Making the calls to your context-sensitive topics is basically a job for the programmer, not the help author (you may be both, of course). In the help itself there is no difference between context-sensitive topics and popups and normal topics and popups – the difference is how they are called from the application.
The HTML Help CHM files, Winhelp HLP files and Visual Studio Help/Help 2.0 HSX files generated by Help & Manual are fully standard-compliant so you can use all the standard procedures for linking to and calling context-sensitive topics.
Context calls to Webhelp are made with regular URLs. For details see Application calls to Webhelp.
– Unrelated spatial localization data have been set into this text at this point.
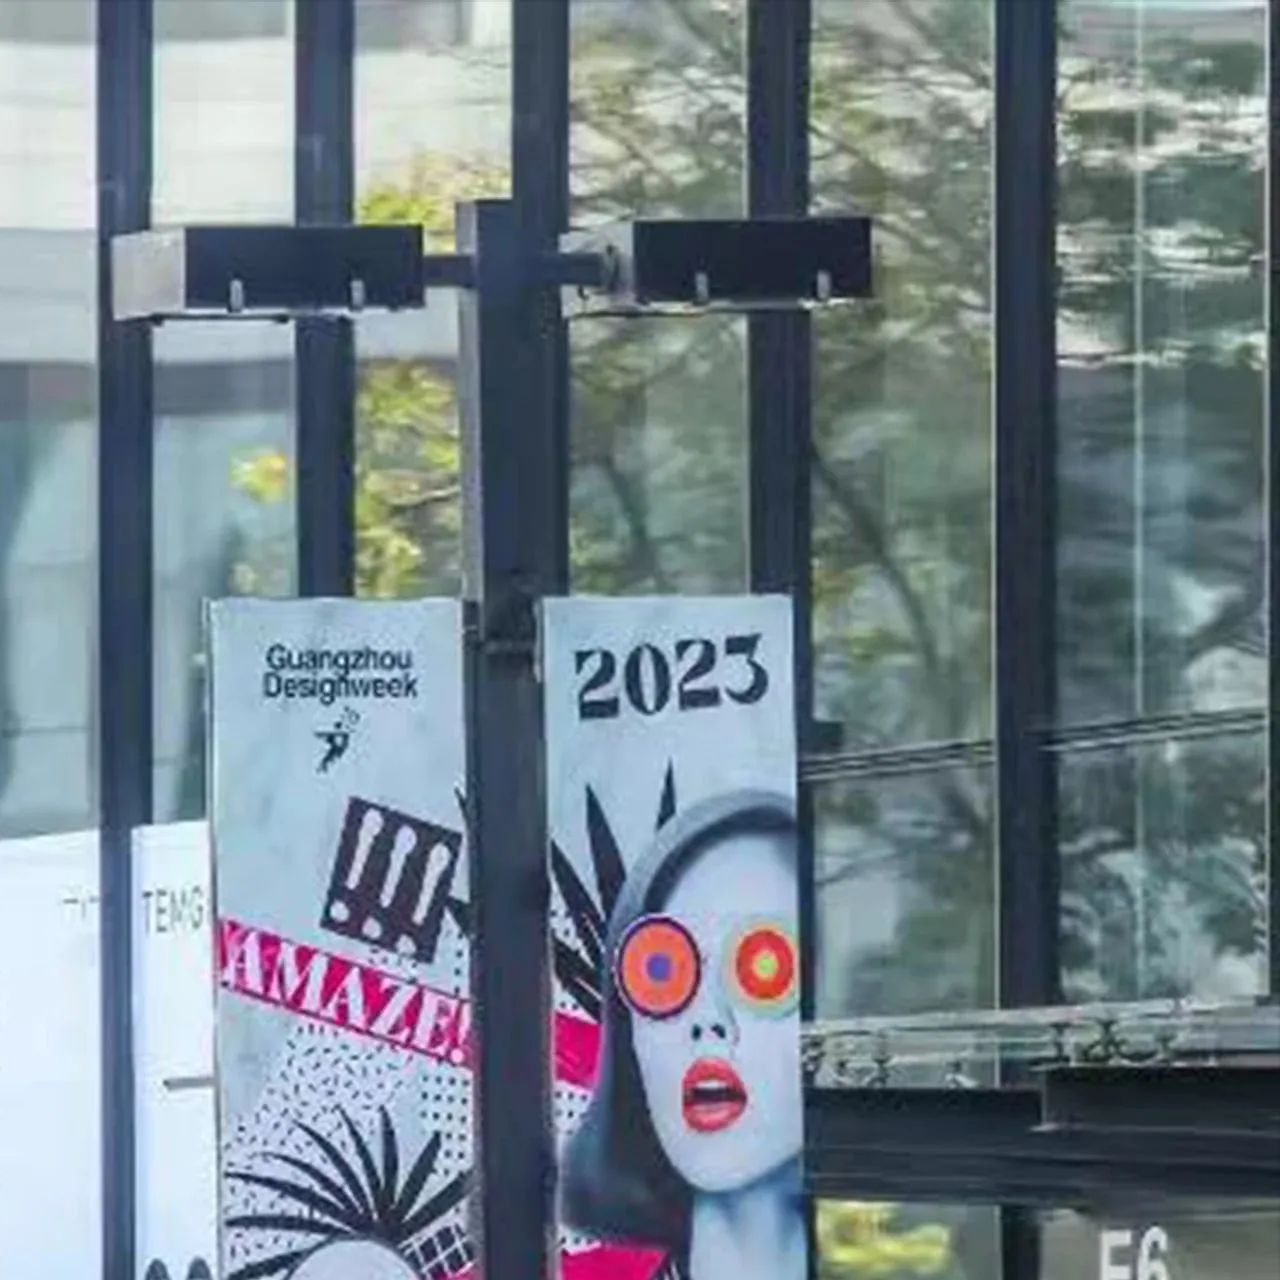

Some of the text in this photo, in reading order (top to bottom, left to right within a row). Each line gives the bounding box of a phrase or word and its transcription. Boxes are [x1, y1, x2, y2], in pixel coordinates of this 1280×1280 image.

[264, 671, 418, 706] Designweek
[266, 643, 413, 675] Guangzhou
[575, 633, 768, 720] 2023
[223, 928, 474, 1064] AMAZE!
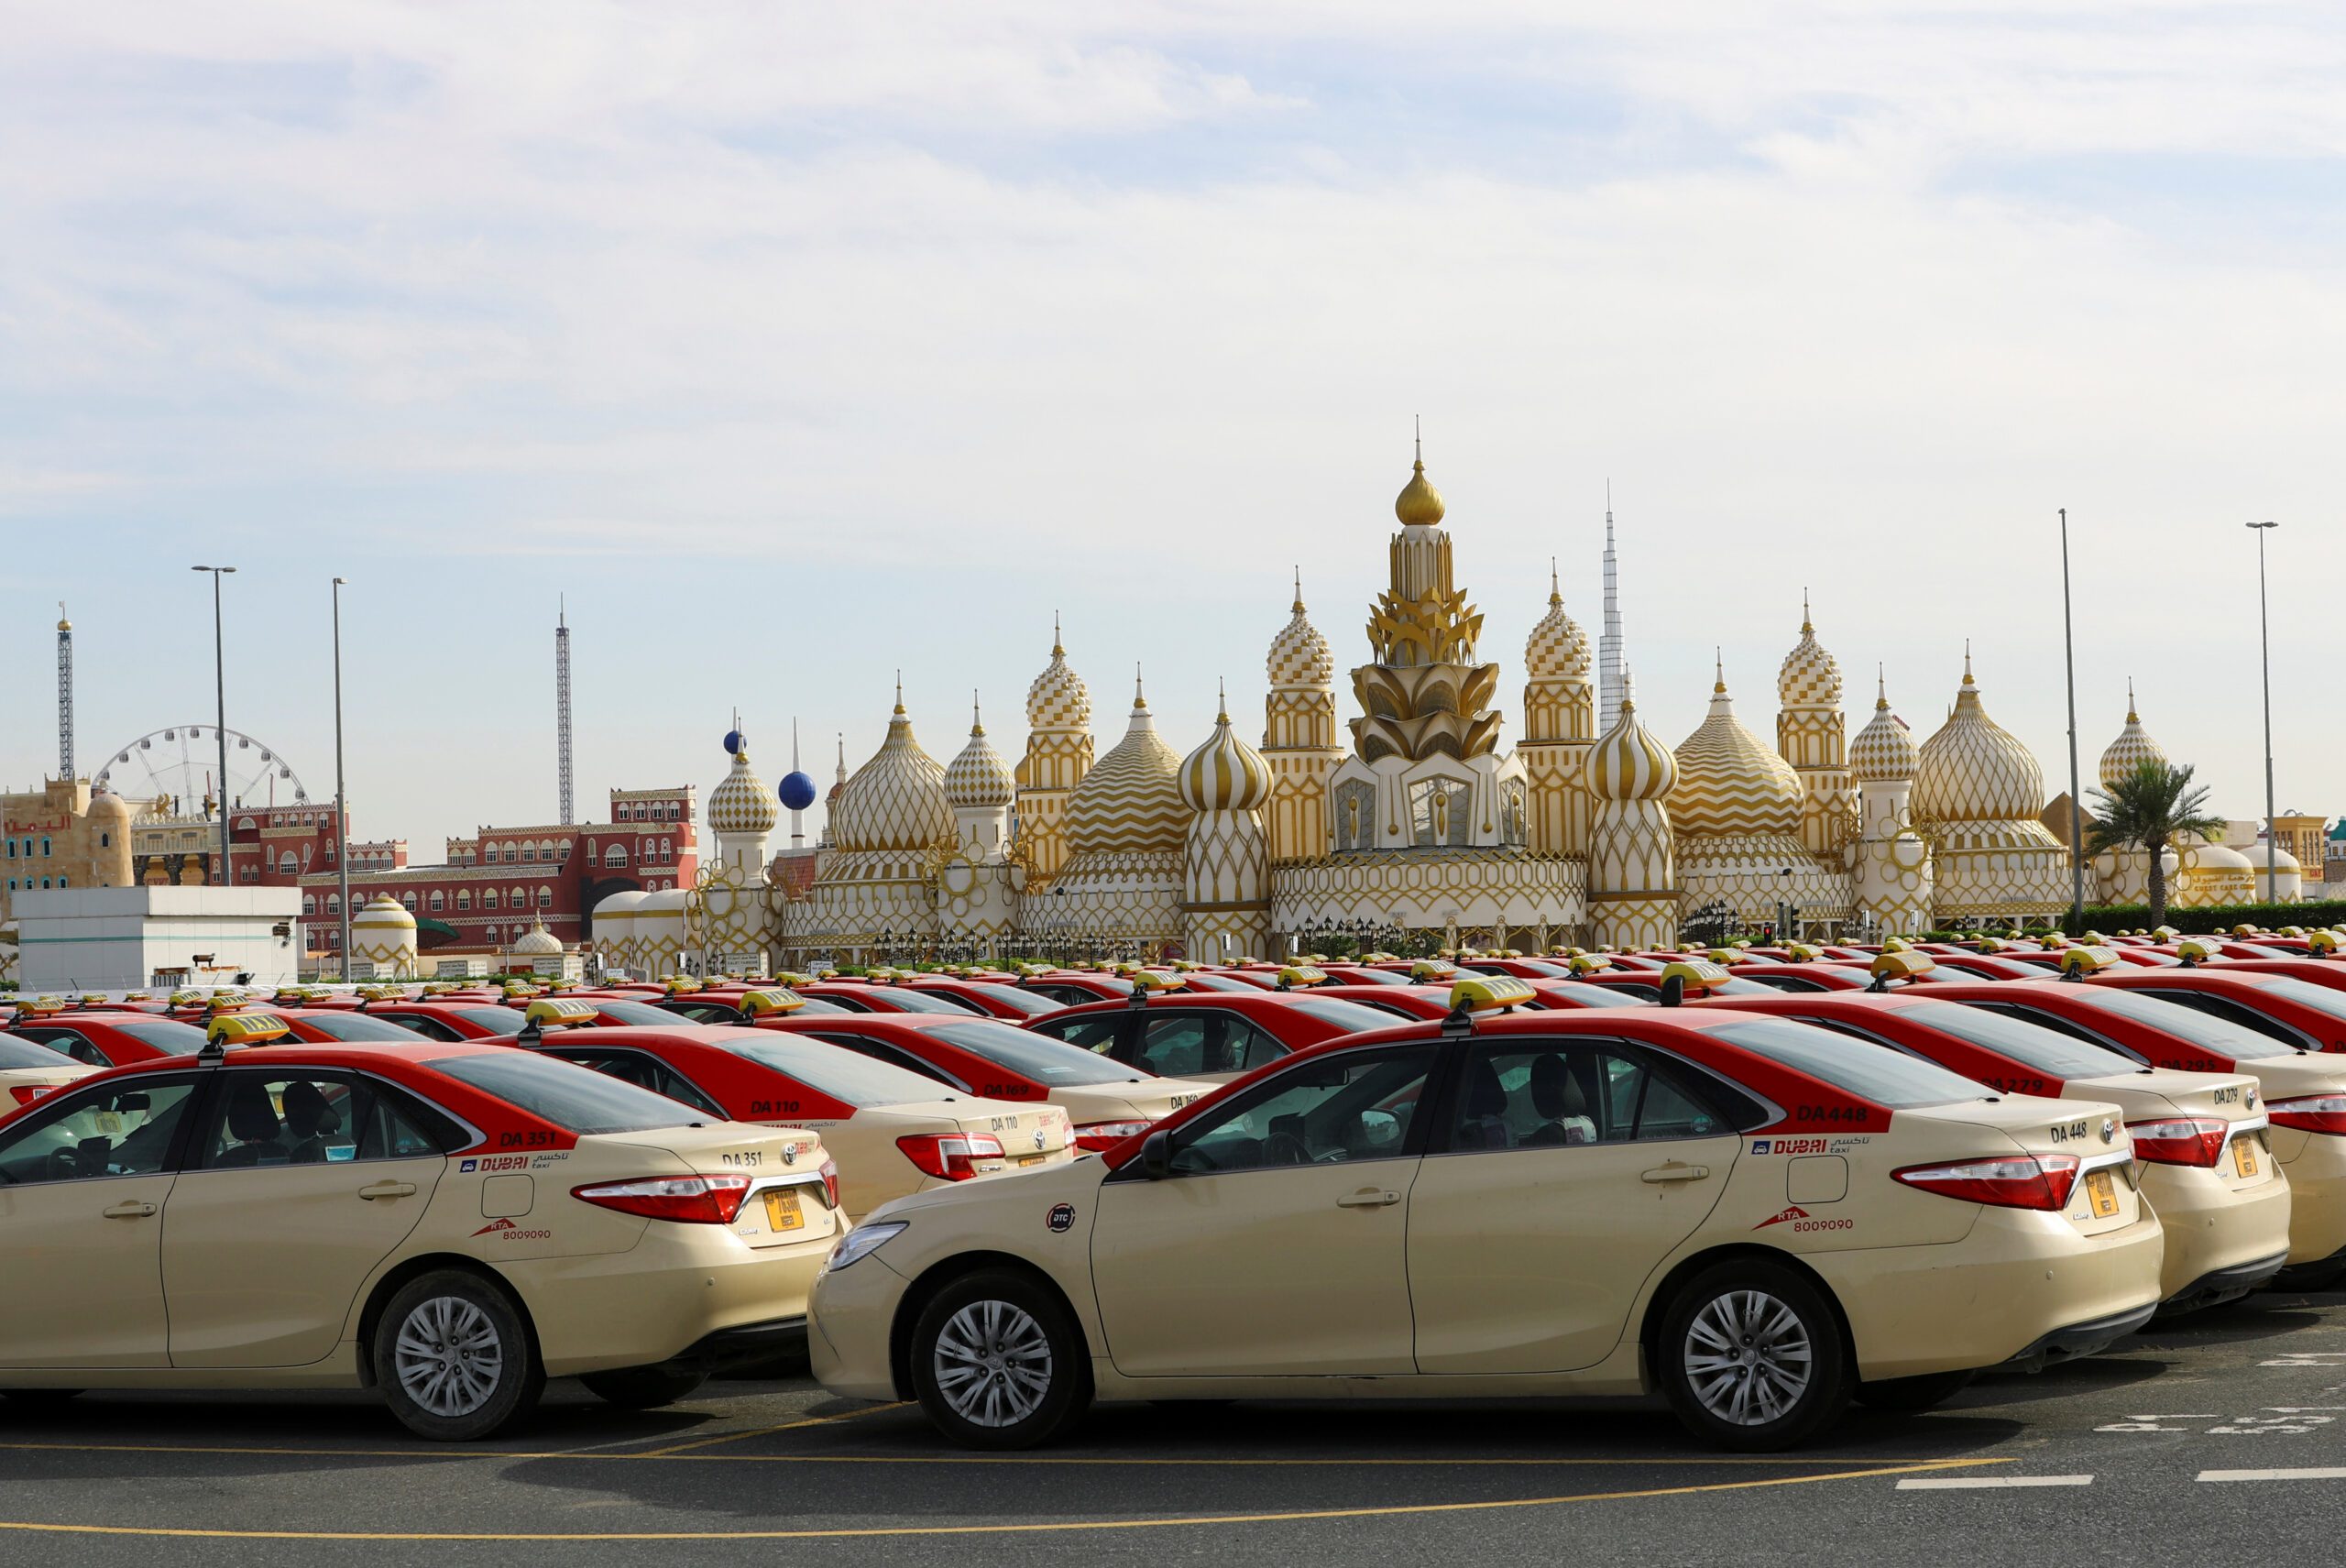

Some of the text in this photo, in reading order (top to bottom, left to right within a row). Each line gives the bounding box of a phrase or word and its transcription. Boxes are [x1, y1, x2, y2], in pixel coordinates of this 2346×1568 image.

[1484, 978, 1530, 996] TAXI
[763, 990, 803, 1004] TAXI
[552, 1001, 594, 1014] TAXI
[236, 1014, 284, 1031] TAXI
[2335, 1040, 2346, 1052] D
[2186, 1059, 2216, 1071] 295
[984, 1084, 1029, 1096] DA 169
[2007, 1079, 2044, 1091] 279
[1170, 1096, 1183, 1110] DA
[2214, 1088, 2238, 1105] DA 279
[751, 1101, 800, 1113] DA 110
[1797, 1105, 1868, 1122] DA 448
[992, 1116, 1018, 1132] DA 110
[499, 1131, 557, 1146] DA 351
[2051, 1122, 2087, 1144] DA 448
[1774, 1139, 1827, 1156] DUBAI
[1830, 1136, 1871, 1146] تاكسي
[480, 1157, 529, 1172] DUBAI
[533, 1153, 570, 1163] تاكسي
[722, 1151, 762, 1167] DA 351
[1053, 1213, 1069, 1223] DTC
[1778, 1212, 1802, 1221] RTA
[1794, 1219, 1854, 1233] 8009090
[503, 1230, 552, 1241] 8009090
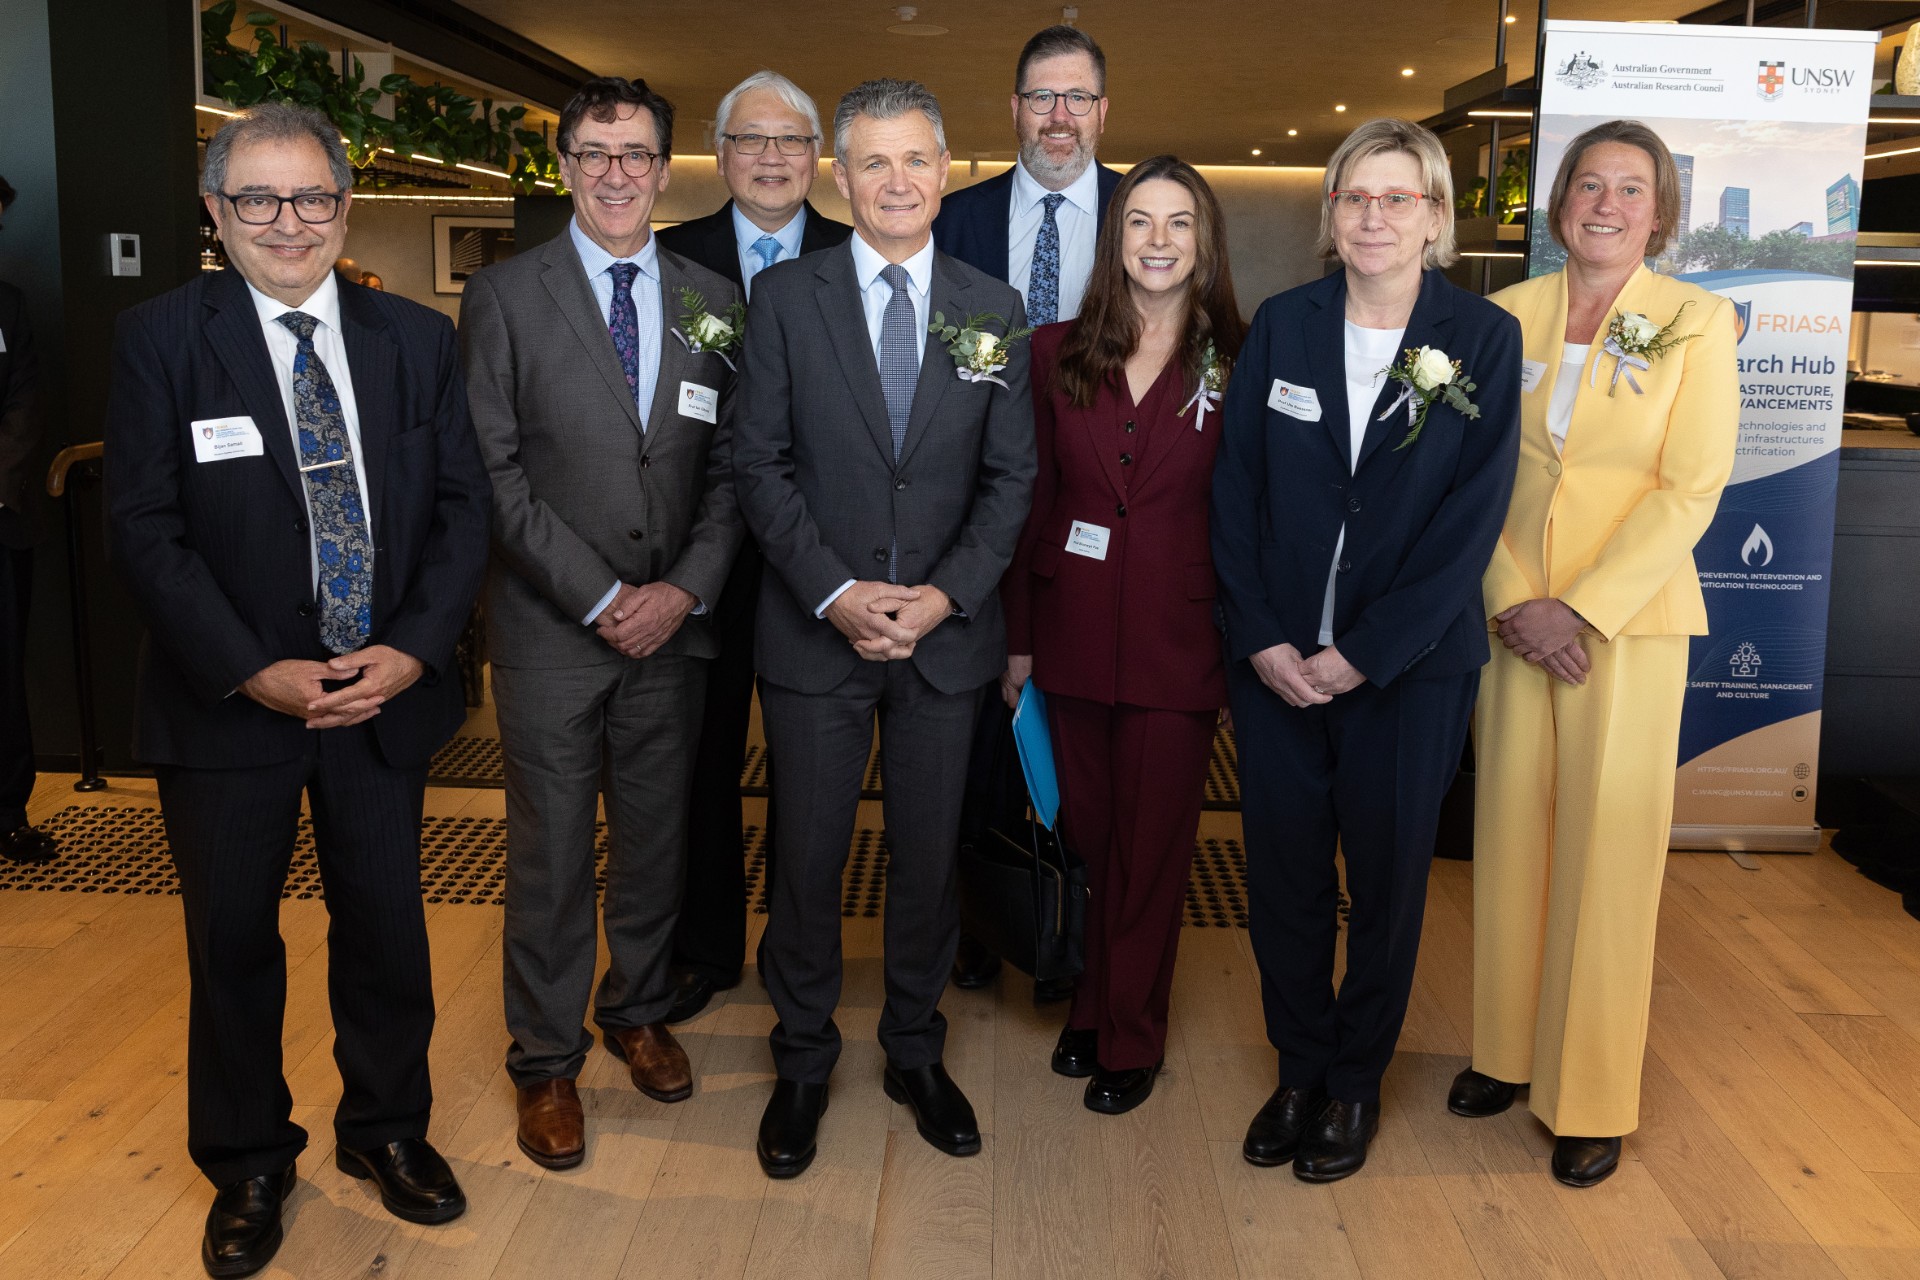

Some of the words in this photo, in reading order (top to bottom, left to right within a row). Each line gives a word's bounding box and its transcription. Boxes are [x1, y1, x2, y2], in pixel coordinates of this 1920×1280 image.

[1612, 63, 1658, 73] Australian
[1659, 64, 1712, 75] Government
[1791, 67, 1855, 87] UNSW
[1611, 79, 1654, 90] Australian
[1655, 82, 1692, 91] Research
[1693, 82, 1724, 93] Council
[1756, 313, 1842, 334] FRIASA
[1737, 354, 1783, 374] arch
[1791, 355, 1836, 375] Hub
[1740, 384, 1833, 398] ASTRUCTURE,
[1738, 421, 1804, 432] echnologies
[1806, 422, 1826, 432] and
[1744, 434, 1824, 445] infrastructures
[1735, 446, 1796, 456] ctrification
[1698, 572, 1749, 580] PREVENTION,
[1750, 573, 1805, 581] INTERVENTION
[1746, 583, 1803, 591] TECHNOLOGIES
[1691, 681, 1720, 689] SAFETY
[1721, 682, 1759, 690] TRAINING,
[1697, 766, 1788, 774] HTTPS://FRIASA.ORG.AU/
[1692, 789, 1784, 797] C.WANG@UNSW.EDU.AU
These are normal topic calls that open the main help viewer at the topic you are making the call to. See your programming language's documentation for making calls to the help format you are using. See Application calls to Webhelp for details of the URL syntax for making calls to Webhelp topics. |
Application calls to field-level popups are made using the popup interfaces of the Microsoft HTML Help and Winhelp APIs. The syntax for these calls depends on the programming language you are using. See the section on tutorials and resources for programmers below. Application calls to HTML Help popups can only be made if you use HTML Help's own plain-text popup format, in which the popup texts are stored in a special plain-text file inside the CHM file..This option is activated in Configuration > Publishing Options > HTML Help > Popup Topics in the Project Explorer, where you can also specify the name of the text file to be generated. Plain text popup topics used in HTML Help must have context numbers! This is required by the Microsoft HTML Help API for popups and if your popup topics do not have help context numbers they will not be exported to the internal popup text file in the CHM. |
|
See also:
Context-Sensitive Help & Popups (Reference)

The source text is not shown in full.